**INSTRUCTIONS TO FOLLOW**
Everything in the data gets repeated exactly, except for the pictures.
■ ■ ■ ■
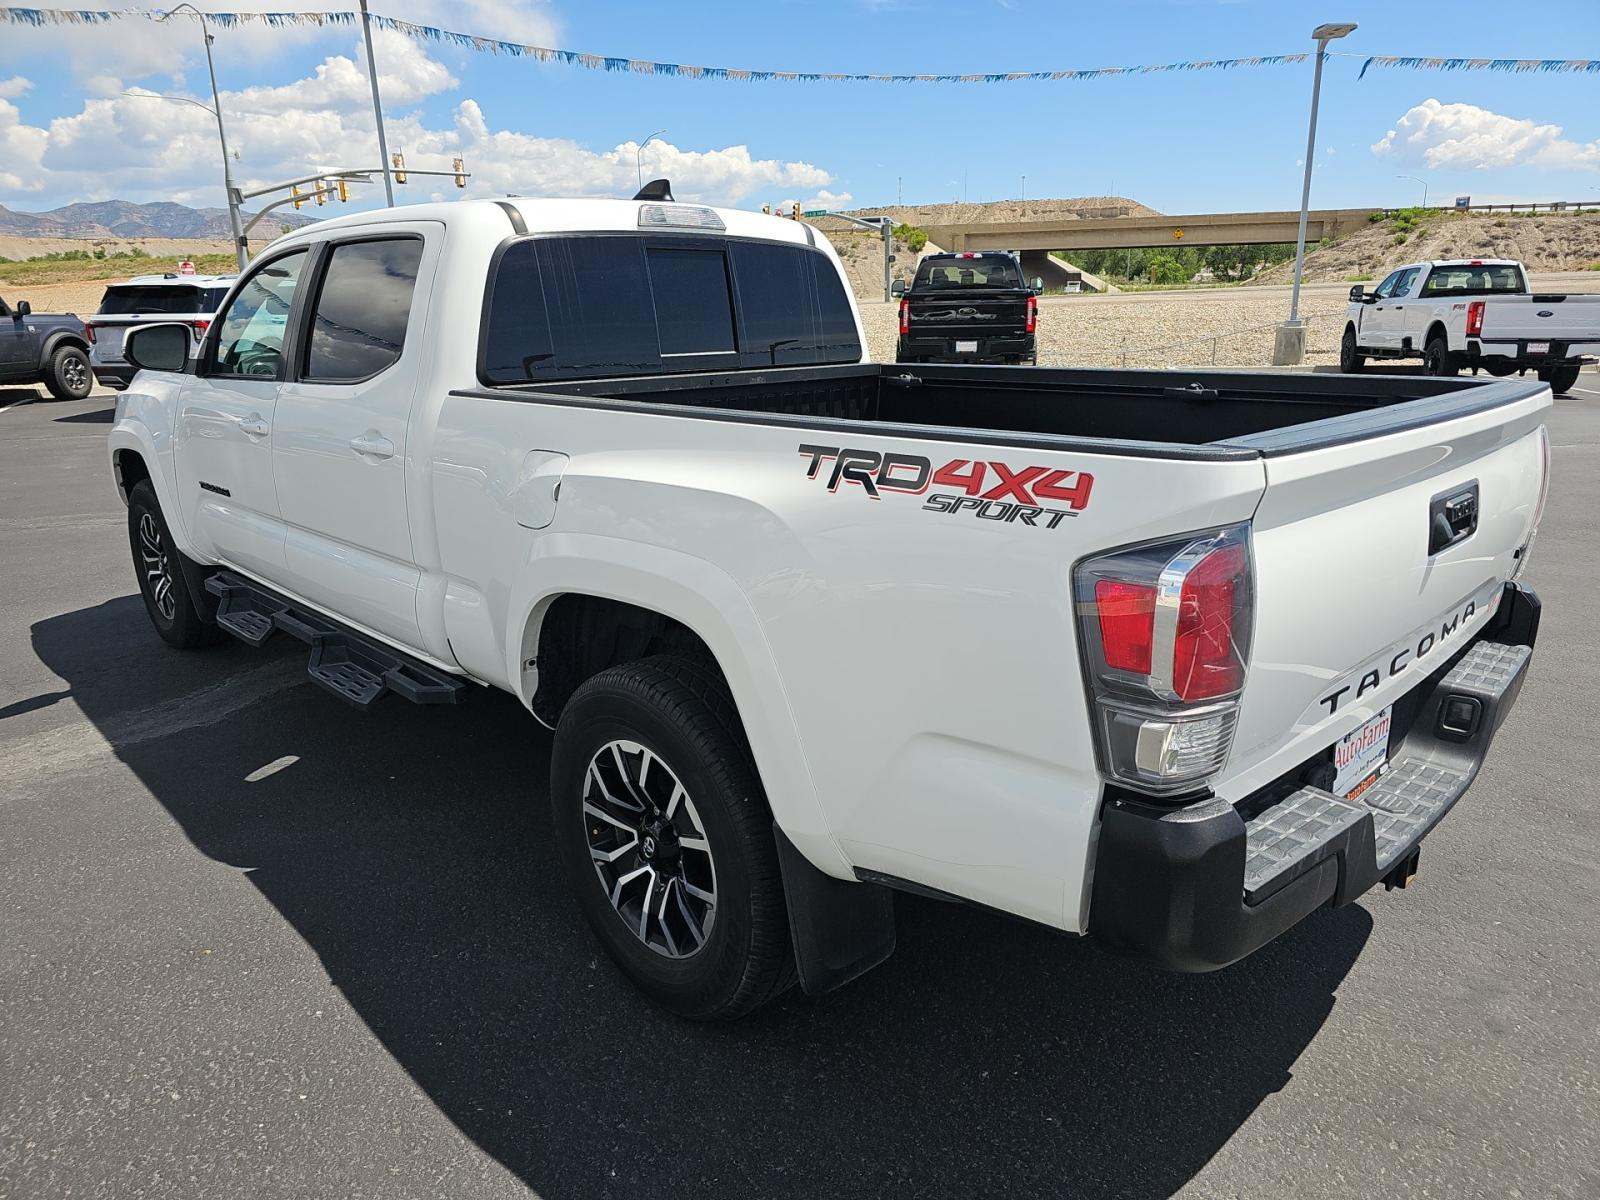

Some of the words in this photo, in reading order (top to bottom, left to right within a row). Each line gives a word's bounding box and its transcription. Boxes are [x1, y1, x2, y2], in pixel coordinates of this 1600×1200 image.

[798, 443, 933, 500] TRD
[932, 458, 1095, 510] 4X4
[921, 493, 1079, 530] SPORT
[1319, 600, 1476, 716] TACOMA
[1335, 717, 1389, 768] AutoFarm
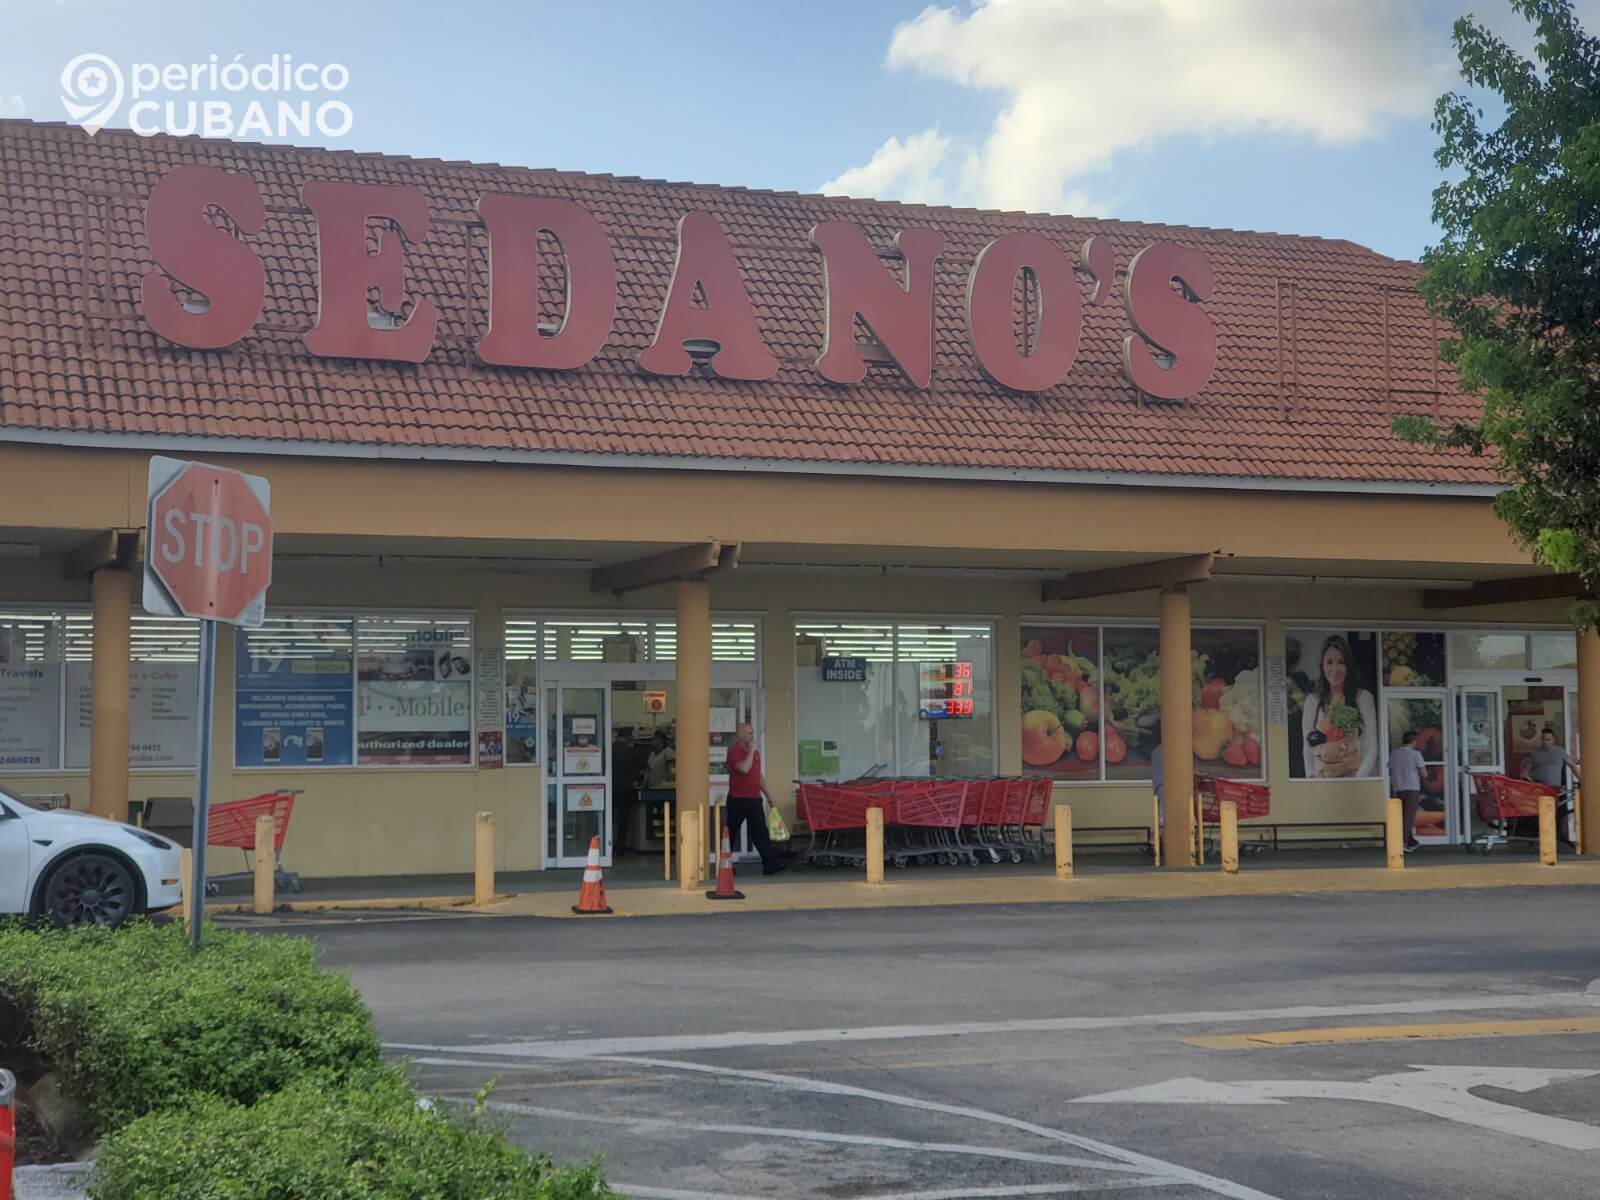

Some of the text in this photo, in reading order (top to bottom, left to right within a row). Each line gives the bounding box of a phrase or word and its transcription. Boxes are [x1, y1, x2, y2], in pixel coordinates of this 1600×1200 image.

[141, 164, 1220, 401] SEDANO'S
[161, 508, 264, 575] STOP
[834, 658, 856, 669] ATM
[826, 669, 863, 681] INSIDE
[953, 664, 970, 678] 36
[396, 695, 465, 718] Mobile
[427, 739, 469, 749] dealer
■ ■ ■ ■
**ANSWER TO THE EXERCISE**
Some of the words in this photo, in reading order (top to bottom, left to right within a row). Each line gives a word's bounding box and its transcription. Boxes are [x1, y1, x2, y2], in pixel coordinates of this 1600×1200 image.

[798, 443, 933, 500] TRD
[932, 458, 1095, 510] 4X4
[921, 493, 1079, 530] SPORT
[1319, 600, 1476, 716] TACOMA
[1335, 717, 1389, 768] AutoFarm

Some of the text in this photo, in reading order (top to bottom, left to right within a row). Each line gives the bounding box of a phrase or word and its transcription. Boxes are [x1, y1, x2, y2], in pixel coordinates of this 1600×1200 image.

[141, 164, 1220, 401] SEDANO'S
[161, 508, 264, 575] STOP
[834, 658, 856, 669] ATM
[826, 669, 863, 681] INSIDE
[953, 664, 970, 678] 36
[396, 695, 465, 718] Mobile
[427, 739, 469, 749] dealer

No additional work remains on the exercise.